◆ **Exercise**
Would you transcribe each entry exactly as it stands, omitting the pictures?

---- Raw data

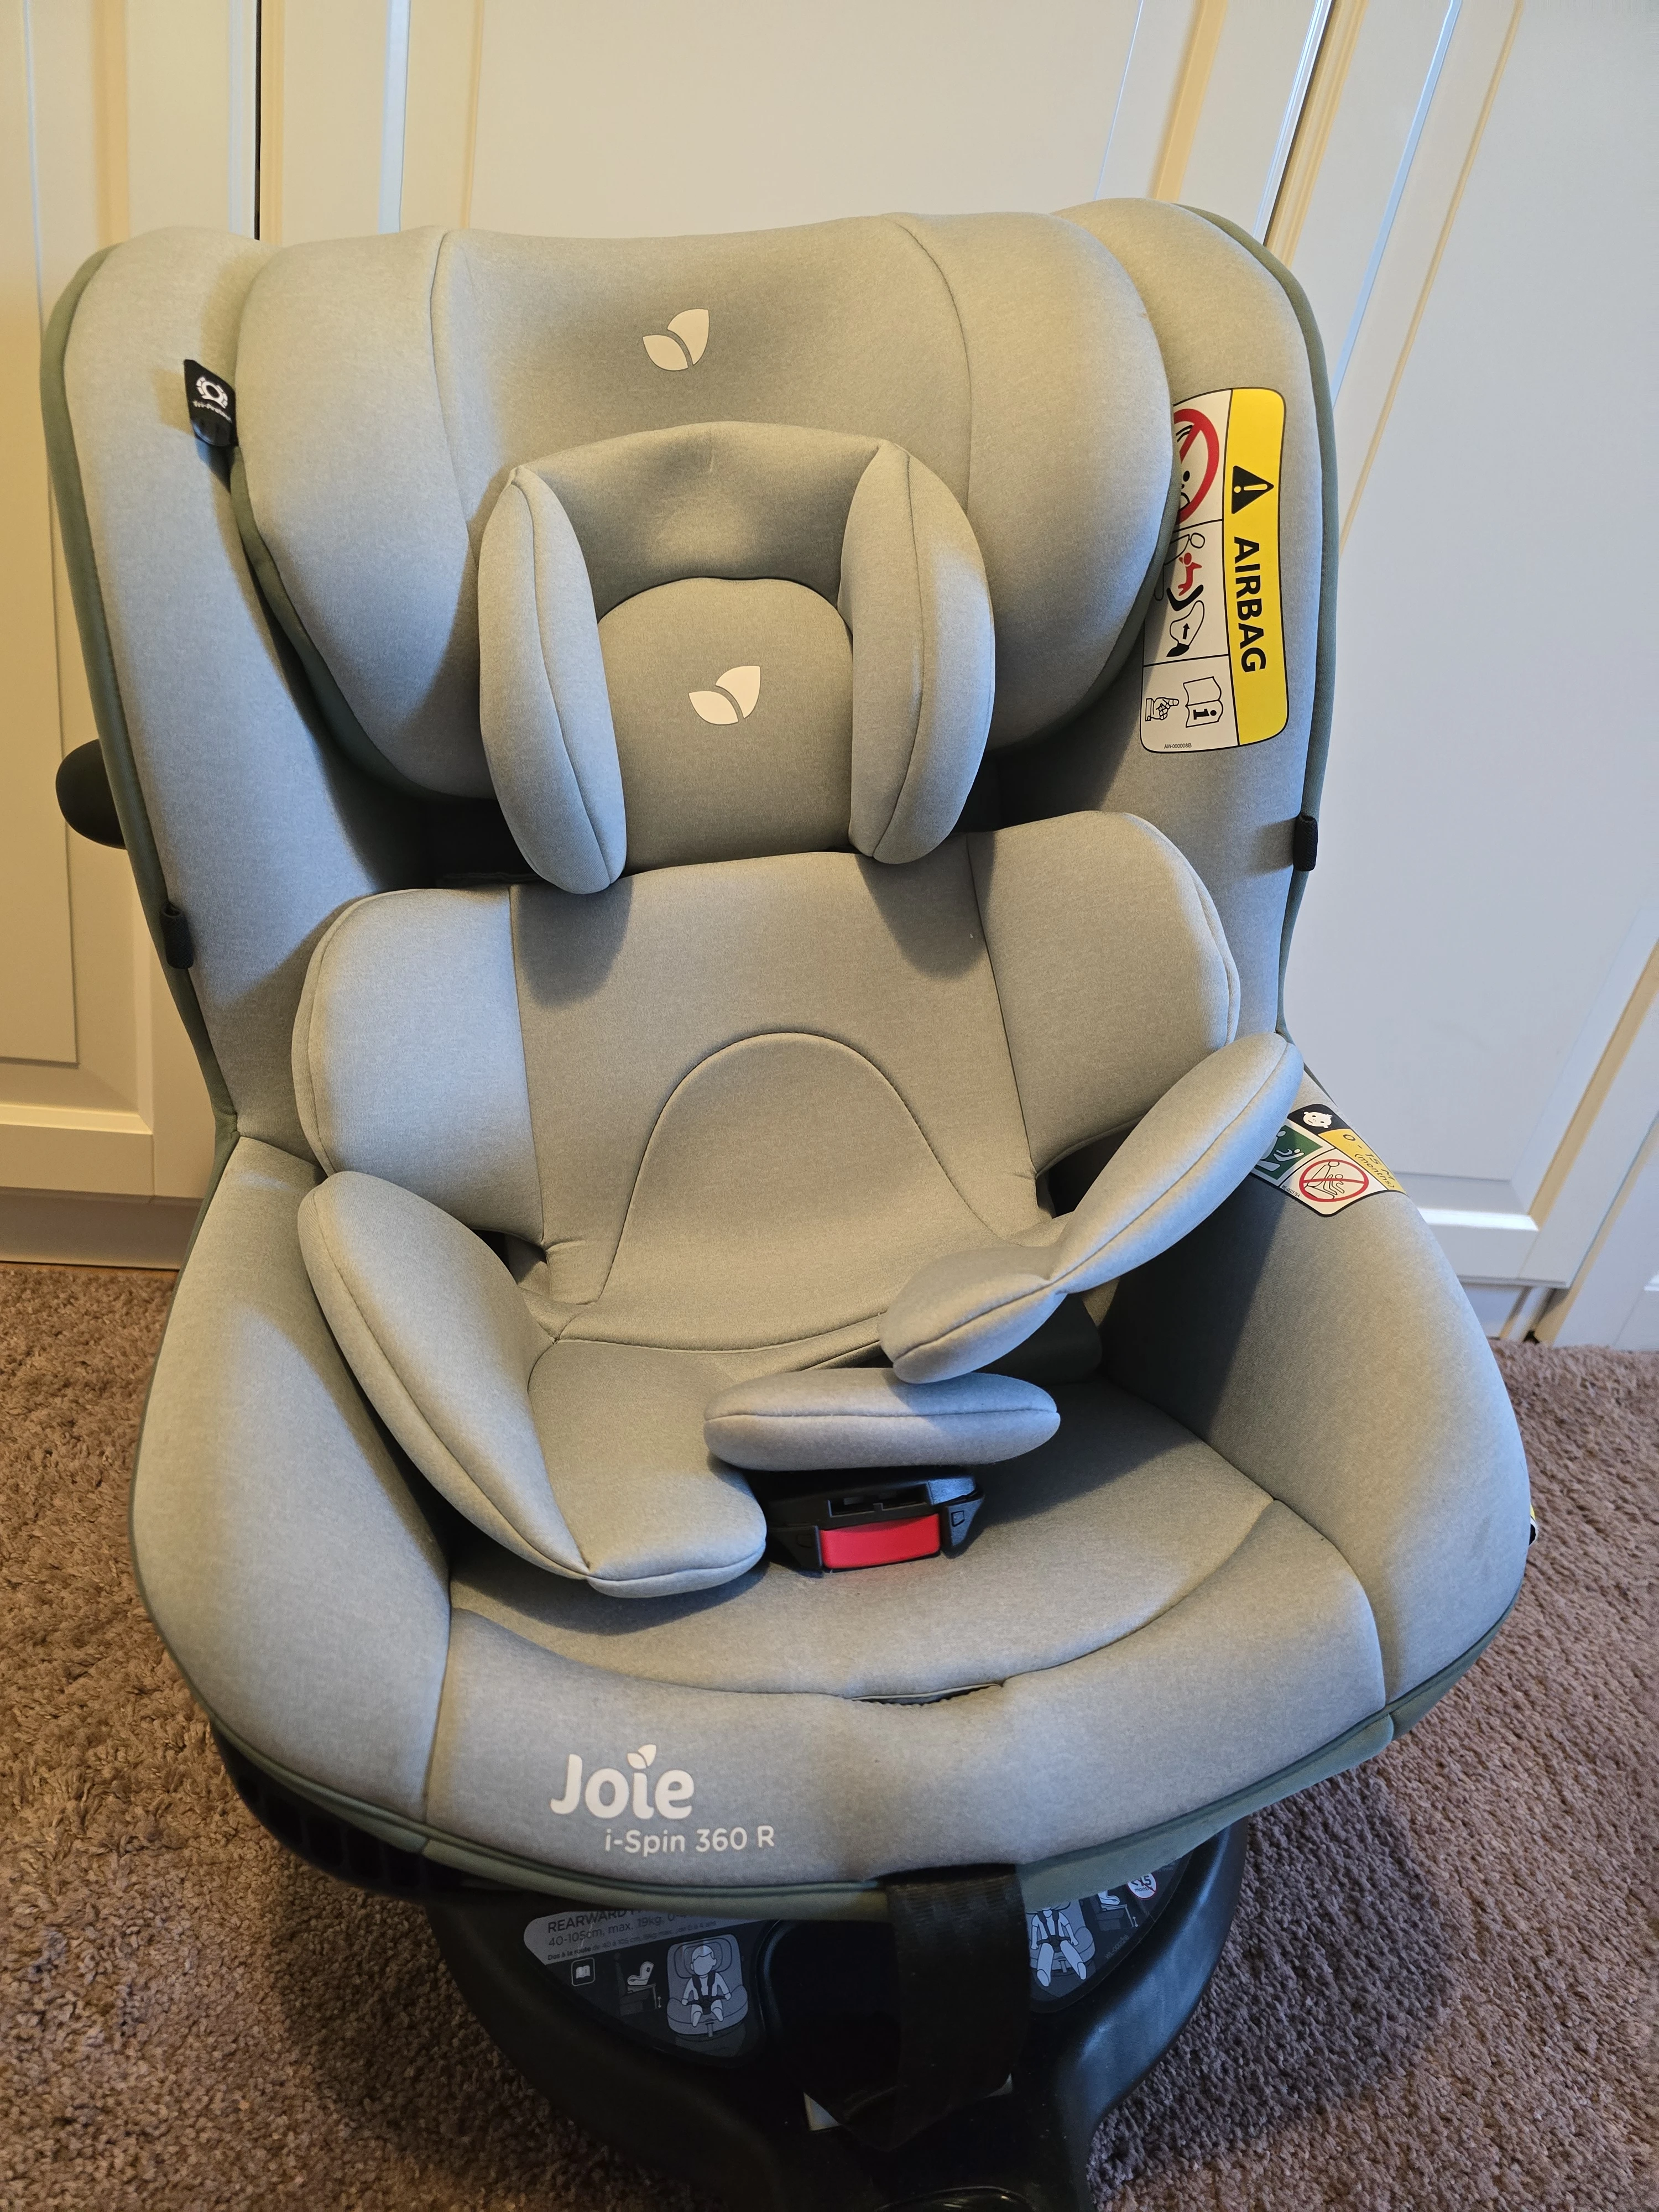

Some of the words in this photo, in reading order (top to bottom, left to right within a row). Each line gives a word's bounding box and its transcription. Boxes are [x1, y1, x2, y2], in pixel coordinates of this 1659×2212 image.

[1234, 536, 1266, 672] AIRBAG
[1354, 1153, 1395, 1188] (months)
[1365, 1153, 1383, 1166] 15
[1381, 1168, 1395, 1181] M
[550, 1745, 695, 1819] Joie
[604, 1828, 686, 1858] i-Spin
[695, 1827, 748, 1852] 360
[757, 1825, 775, 1848] R
[547, 1911, 628, 1934] REARWARD
[608, 1922, 634, 1934] max.
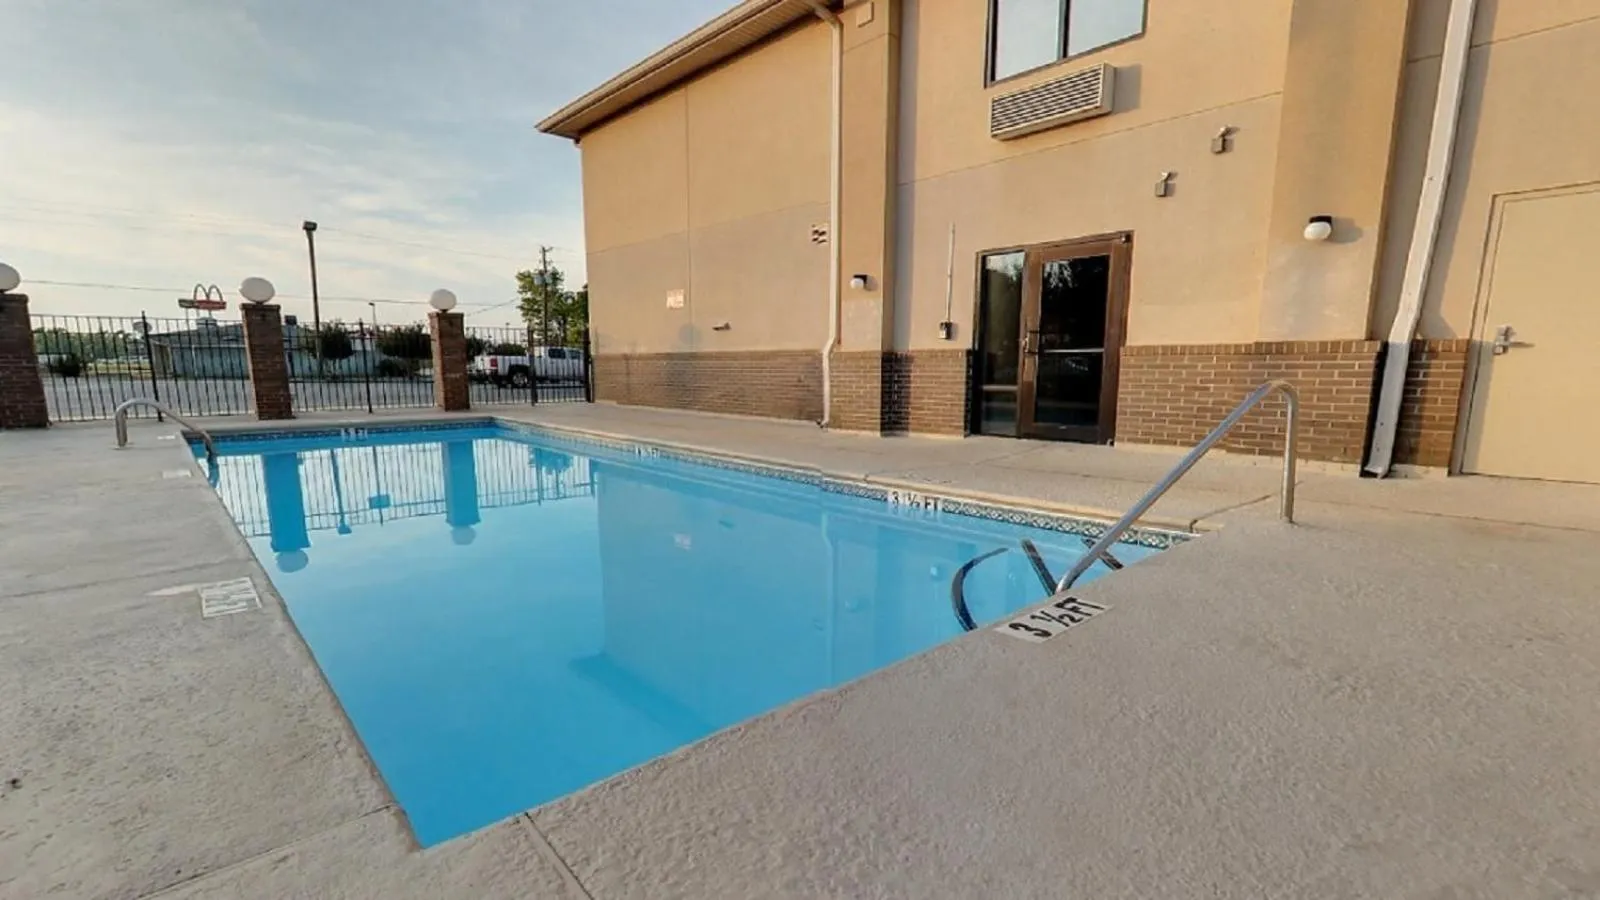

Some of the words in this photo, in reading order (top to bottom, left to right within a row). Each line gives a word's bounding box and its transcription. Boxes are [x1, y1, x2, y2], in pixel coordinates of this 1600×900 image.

[924, 496, 940, 511] FT
[1008, 622, 1052, 637] 3
[1054, 596, 1105, 617] FT
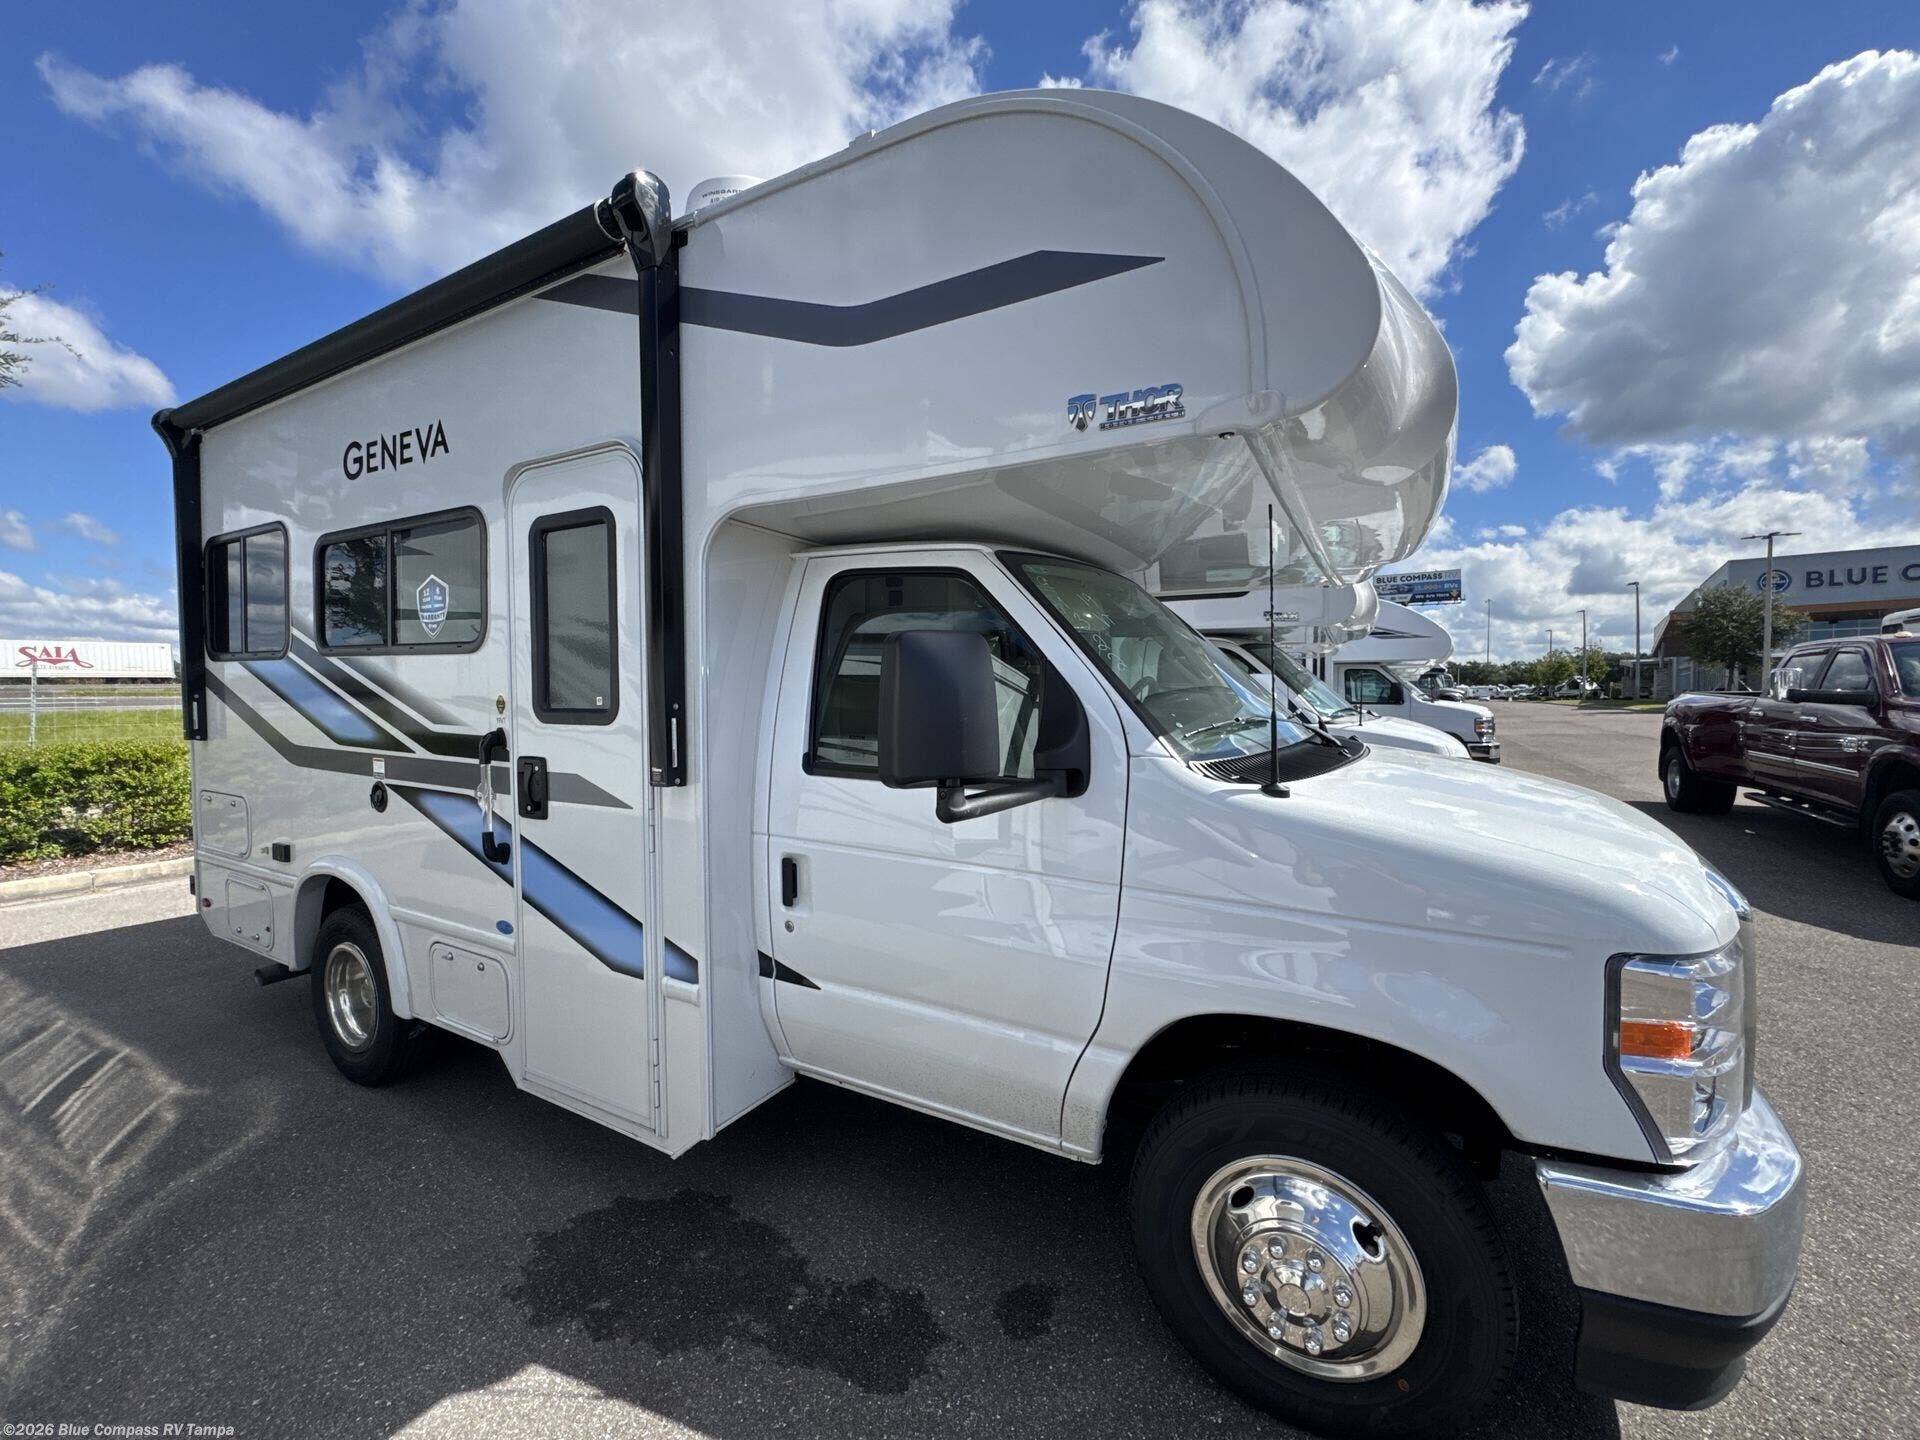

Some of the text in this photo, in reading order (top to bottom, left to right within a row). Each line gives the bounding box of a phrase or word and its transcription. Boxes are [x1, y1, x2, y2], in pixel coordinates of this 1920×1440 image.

[1100, 383, 1184, 421] THOR
[343, 419, 449, 480] GENEVA
[1376, 576, 1398, 584] BLUE
[1400, 572, 1442, 582] COMPASS
[1806, 566, 1888, 588] BLUE
[15, 646, 94, 668] SAIA

--------

◆ **Solution to this exercise**
Some of the words in this photo, in reading order (top to bottom, left to right within a row). Each line gives a word's bounding box and its transcription. Boxes are [x1, y1, x2, y2], in pixel coordinates of this 1659×2212 image.

[1234, 536, 1266, 672] AIRBAG
[1354, 1153, 1395, 1188] (months)
[1365, 1153, 1383, 1166] 15
[1381, 1168, 1395, 1181] M
[550, 1745, 695, 1819] Joie
[604, 1828, 686, 1858] i-Spin
[695, 1827, 748, 1852] 360
[757, 1825, 775, 1848] R
[547, 1911, 628, 1934] REARWARD
[608, 1922, 634, 1934] max.

Some of the words in this photo, in reading order (top to bottom, left to right within a row). Each line gives a word's bounding box and its transcription. Boxes are [x1, y1, x2, y2], in pixel coordinates of this 1600×900 image.

[924, 496, 940, 511] FT
[1008, 622, 1052, 637] 3
[1054, 596, 1105, 617] FT

Some of the text in this photo, in reading order (top to bottom, left to right within a row). Each line gives the bounding box of a phrase or word and its transcription. Boxes are [x1, y1, x2, y2], in pixel coordinates of this 1920×1440 image.

[1100, 383, 1184, 421] THOR
[343, 419, 449, 480] GENEVA
[1376, 576, 1398, 584] BLUE
[1400, 572, 1442, 582] COMPASS
[1806, 566, 1888, 588] BLUE
[15, 646, 94, 668] SAIA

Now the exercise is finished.